Arctic passage – Three LNG tankers have this month travelled the Arctic Northern Sea Route without icebreaker escorts for the first time as the window during which the waters are navigable has opened ever wider. Over the last three years Russian gas company Novatek has shipped LNG from its plant on the Yamal Peninsula in northwest Siberia to Asian countries, but until now was only been able to do so during the summer and autumn. (Independent)

Bridging fuel Gas should be used as a bridging solution to produce hydrogen before green varieties made from renewable electricity become commercially available, according to a motion adopted in the European Parliament’s environment committee (ENVI). “We need a rapid transition to renewable hydrogen, but we also need a bridging role for low-carbon hydrogen” produced from gas with carbon capture technology to mitigate emissions, said Hildegard Bentele (EPP/Germany), the lawmaker who drafted the report. While this compromise gained majority backing from the big political parties, Green MEPs reluctantly voted against. The EU aims to be solely reliant on renewable hydrogen, but the European Commission has admitted it will support blue hydrogen – from abated natural gas – in a transition phase in order to break “the chicken and egg problem”. (Euractiv)
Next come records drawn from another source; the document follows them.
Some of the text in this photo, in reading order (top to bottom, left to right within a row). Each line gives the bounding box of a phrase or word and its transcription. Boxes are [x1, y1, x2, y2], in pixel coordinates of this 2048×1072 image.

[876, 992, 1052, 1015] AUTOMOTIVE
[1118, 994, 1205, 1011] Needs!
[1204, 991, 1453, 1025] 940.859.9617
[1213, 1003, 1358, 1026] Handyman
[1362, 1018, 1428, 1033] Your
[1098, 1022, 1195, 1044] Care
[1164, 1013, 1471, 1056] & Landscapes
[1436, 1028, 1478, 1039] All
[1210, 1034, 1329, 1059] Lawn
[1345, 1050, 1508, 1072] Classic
Mission creep – Over 400 companies across big-emitting industries have signed on to the Mission Possible Partnership, committing to work with competitors, investors, suppliers and buyers to devise “climate action agreements” across whole supply chains by 2024 to achieve net zero emissions by 2050. We Mean Business is co-organising the partnership with the Energy Transitions Commission, Rocky Mountain Institute and the World Economic Forum, with funding from Amazon founder Jeff Bezos’ climate-focused Bezos Earth Fund and Microsoft founder Bill Gates’ Breakthrough Energy fund. (Reuters)

C is for ‘costly’ – The COVID-19 pandemic could delay construction of the UK’s Hinkley Point C nuclear reactor by six months and raise its costs by £500 mln, according to its developer EDF Energy. The fresh delays are expected to take the cost of the UK’s first new nuclear power plant in a generation to £23 bln, EDF Energy said, and put back its launch to summer 2026. Hinkley Point’s costs have risen by £5 bln in the last five years. It will cost almost double the amount to build as first thought in 2008, and will begin generating power almost a decade later than the original start date of Christmas 2017. (Guardian)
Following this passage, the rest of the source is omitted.